His beak clamped shut.
Tears blurred her vision as she disinfected the burn. The liquid contact sent searing pain up her arm, through her shoulders, and into her teeth. A cry caught in her throat, holding her breath there as her eyes watered. She squeezed pale blue burn cream over the area and groaned.
“I’m so sorry,” Jace said.
“It’ll heal.” She set the gauze to her arm and wound circles around it, building up layers of protection.
“Not just for the burn. For everything. You risked your life rescuing me. If you and Shy hadn’t come, I’d be dead. Or worse. I was wrong before. I should have listened to you about the portals — about the Rokkir.”
“It’s okay, Jace. I don’t think any of us were prepared for what happened. How did you get captured, anyway? What were you doing?”
He leaned back against the wall. “Originally I was going to the guard sector to… to turn you in.”
She frowned. “Really?”
“But I couldn’t. I kept going back every day, telling myself it would be the one I let them know about Shy. I thought of a dozen ways to tell the story without implicating you. Or Fehn.”
Tayel closed her lips over a frustrated sigh. The idea of Jace ratting Shy out annoyed her. She wanted to explain that Shy had been trying to help from the beginning, but it just felt like betraying him again. He was opening up to her. Now wasn’t the time.

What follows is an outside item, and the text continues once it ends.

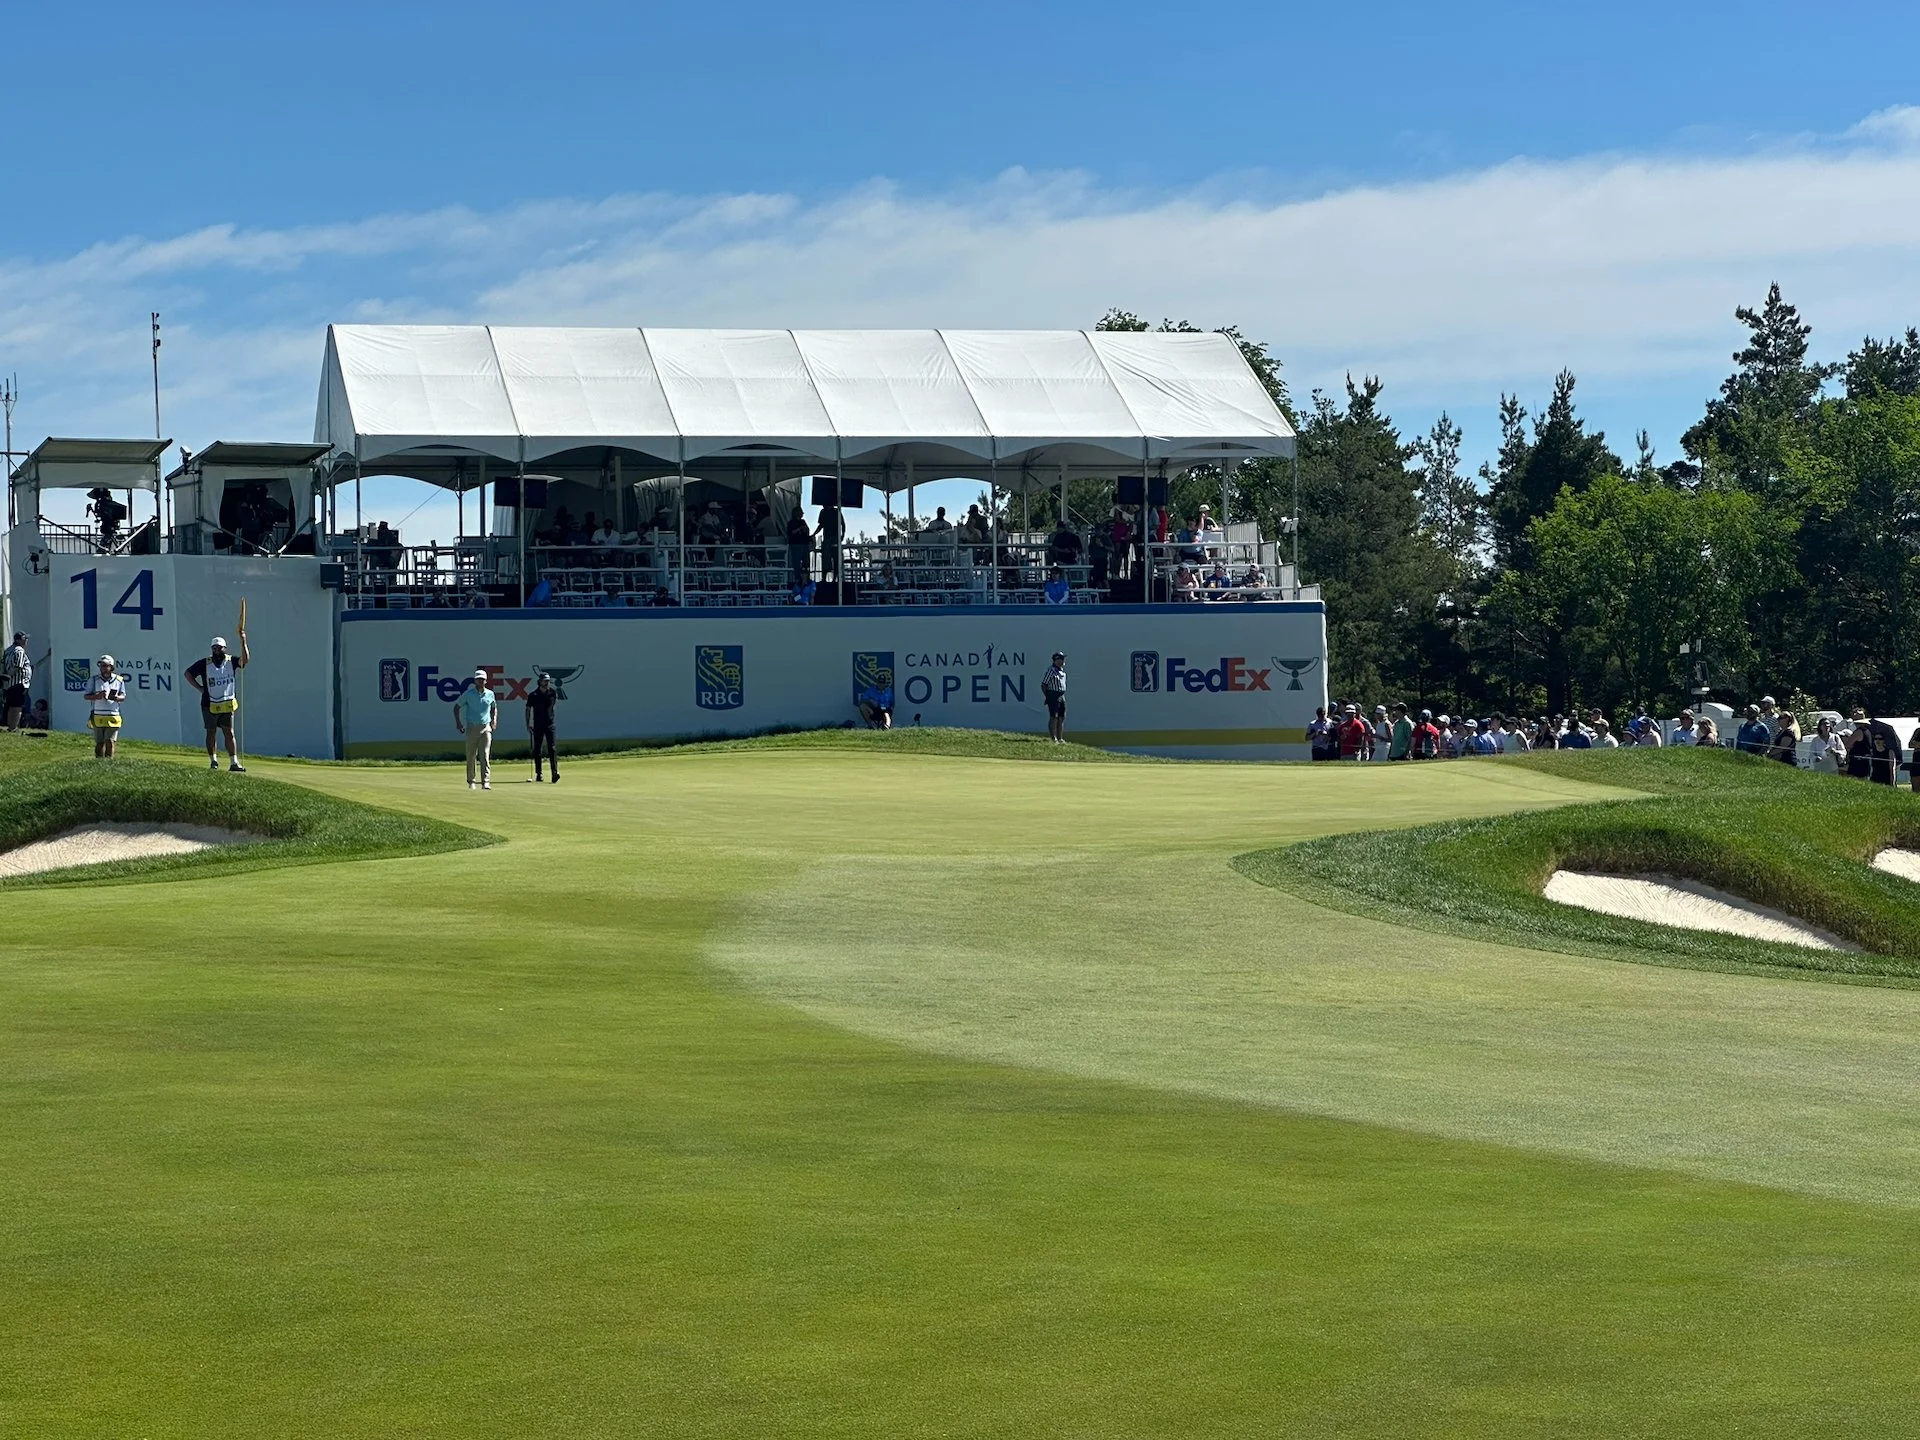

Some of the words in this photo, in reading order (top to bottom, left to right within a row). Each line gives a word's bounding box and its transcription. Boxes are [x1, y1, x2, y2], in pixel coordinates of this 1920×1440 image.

“Which, considering I just found out in Castle Aishan that she’s the raider princess, maybe I should have,” he said.
Tayel remembered the muffled voice on the other side of the kitchen door in the castle, shouting that the raider princess was inside. The urge to defend Shy bubbled up like a physical sensation. He was bringing up issues that had already been put away, issues he could have seen solved, too, if he’d just come with her when all this started. She took a steadying breath.